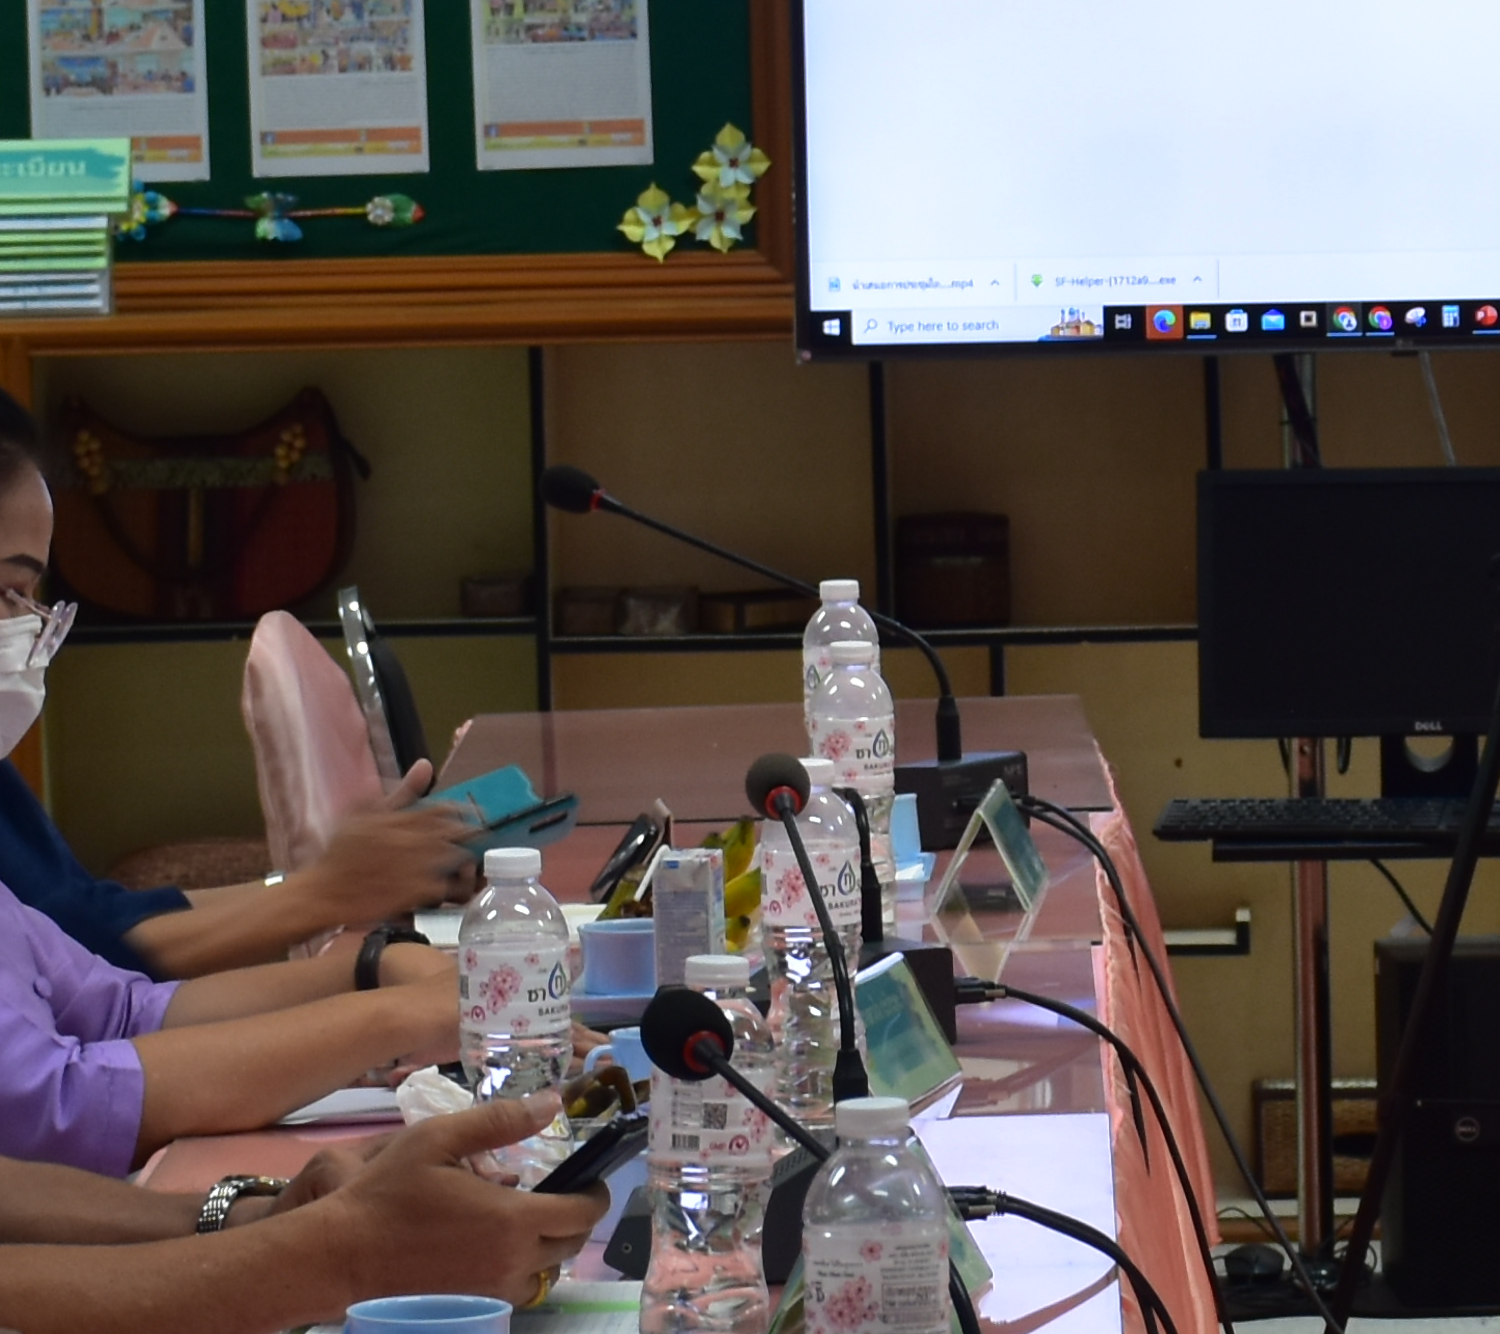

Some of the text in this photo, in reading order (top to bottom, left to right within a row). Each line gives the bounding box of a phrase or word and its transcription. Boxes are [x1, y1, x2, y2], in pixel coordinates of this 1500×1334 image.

[887, 319, 999, 334] Type here to search
[1414, 720, 1444, 732] DELL
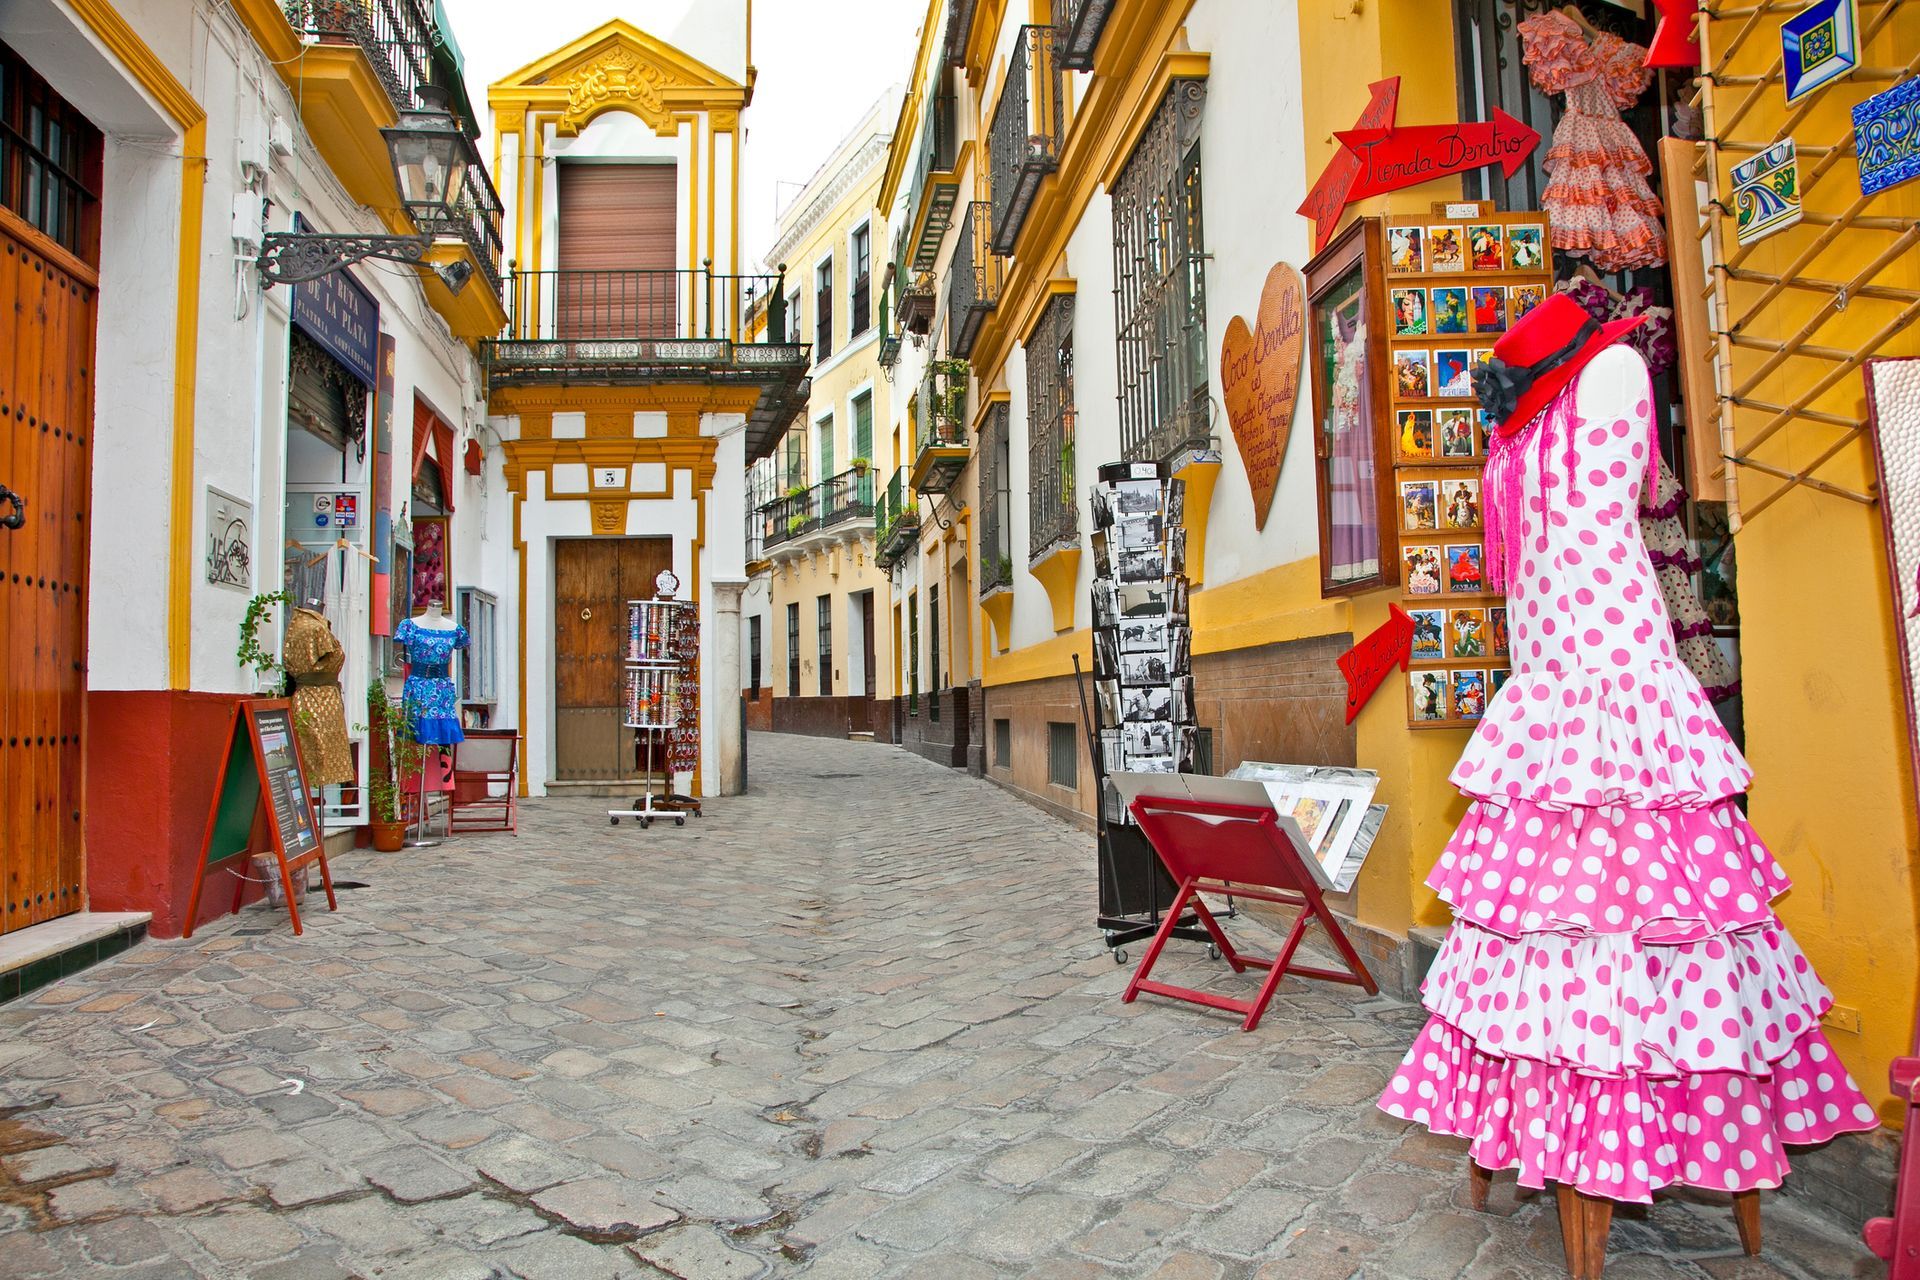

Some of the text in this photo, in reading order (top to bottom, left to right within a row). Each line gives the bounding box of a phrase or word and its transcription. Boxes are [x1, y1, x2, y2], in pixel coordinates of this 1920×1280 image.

[1354, 124, 1531, 188] Tienda Dentro
[308, 279, 367, 349] DE LA PLATA
[337, 278, 359, 316] RUTA
[1222, 347, 1251, 393] Coco
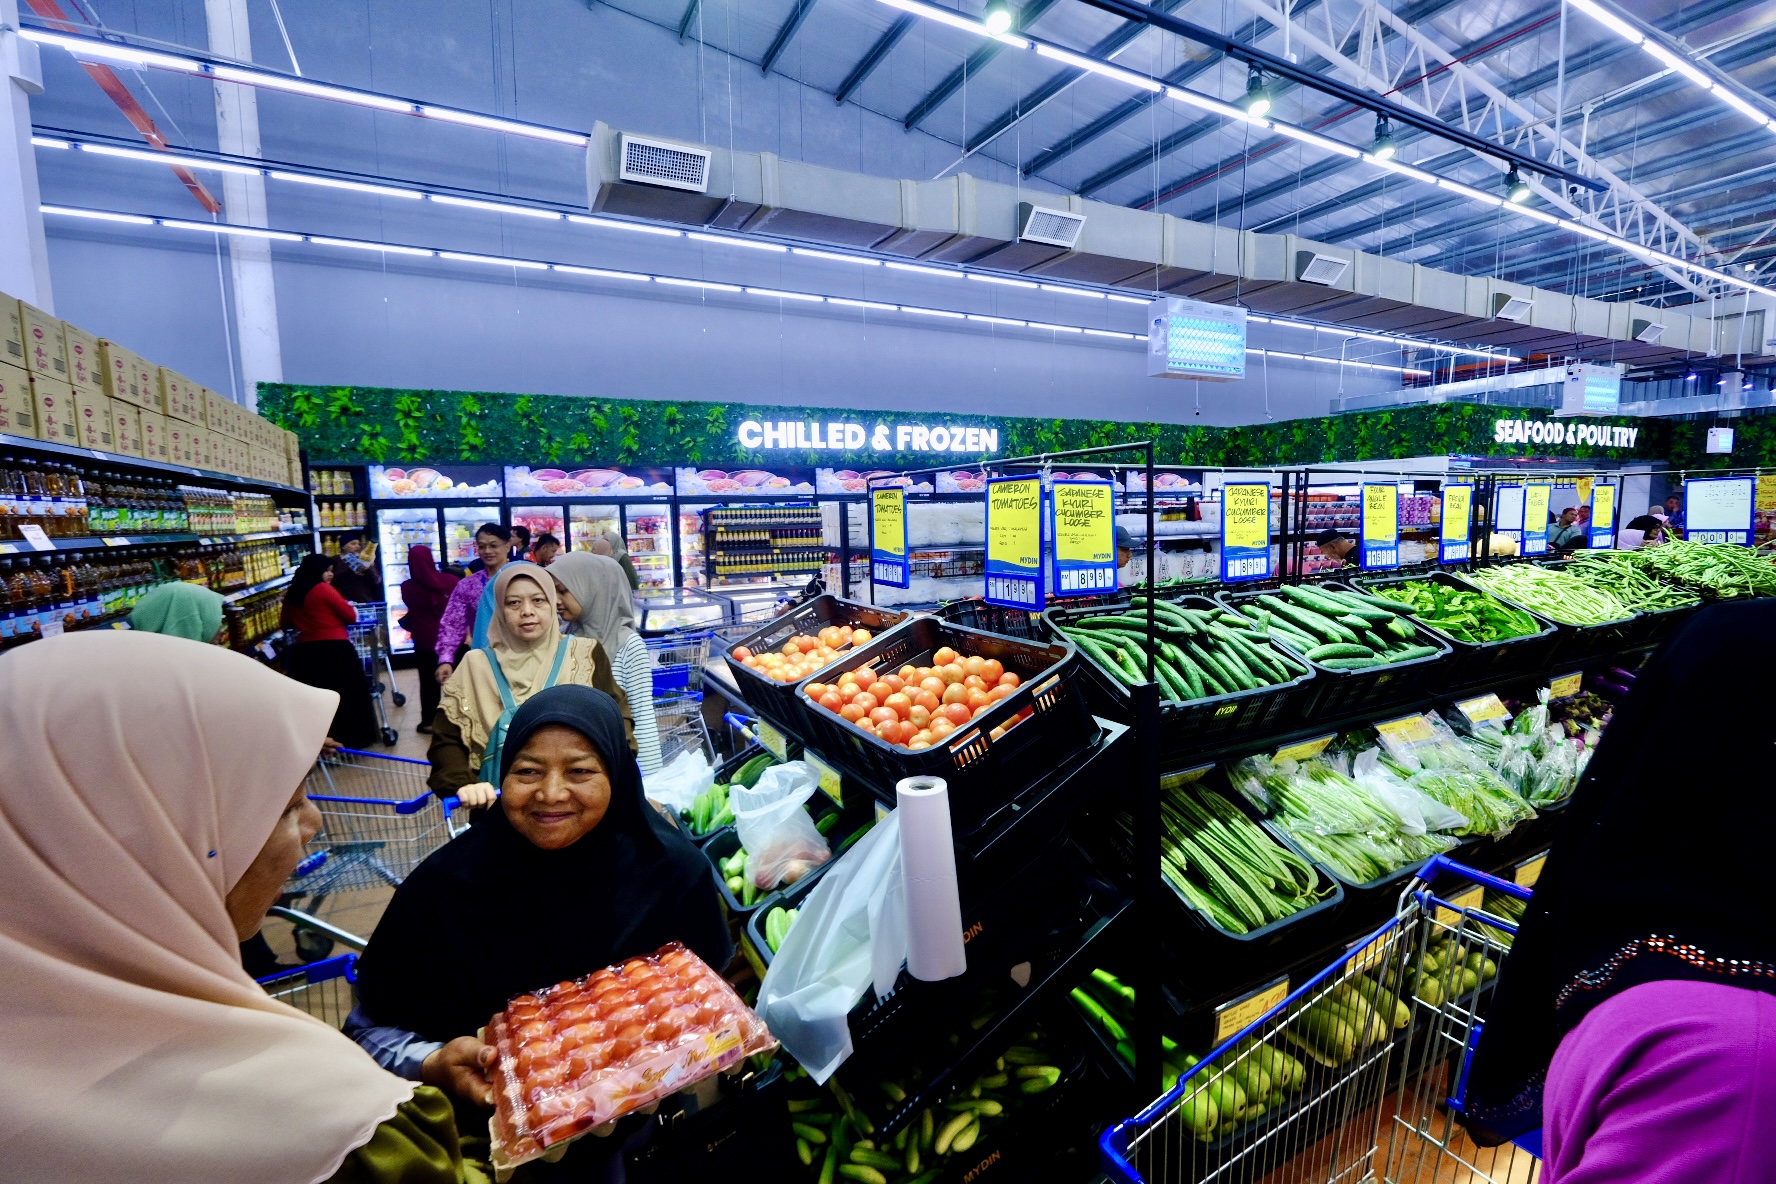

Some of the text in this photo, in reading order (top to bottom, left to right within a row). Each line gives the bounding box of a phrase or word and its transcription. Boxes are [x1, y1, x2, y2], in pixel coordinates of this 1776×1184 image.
════════════════
Please retype every record above exactly, leaving out the pictures.

Some of the text in this photo, in reading order (top to bottom, left to right within a row). Each line gives the bounding box of a phrase or word and its transcription. Boxes are [x1, y1, x2, y2], in pixel coordinates of this 1500×1334 image.

[887, 319, 999, 334] Type here to search
[1414, 720, 1444, 732] DELL

Some of the text in this photo, in reading order (top to bottom, left to right within a row). Each line gives the bounding box of a phrase or word and its transcription. Boxes are [x1, y1, x2, y2], in pixel coordinates of this 1920×1280 image.

[1354, 124, 1531, 188] Tienda Dentro
[308, 279, 367, 349] DE LA PLATA
[337, 278, 359, 316] RUTA
[1222, 347, 1251, 393] Coco

Some of the text in this photo, in reading order (top to bottom, left to right within a row). Each line gives the bounding box of a phrase or word and its transcription. Boxes are [x1, y1, x2, y2], in pixel coordinates of this 1776×1184 image.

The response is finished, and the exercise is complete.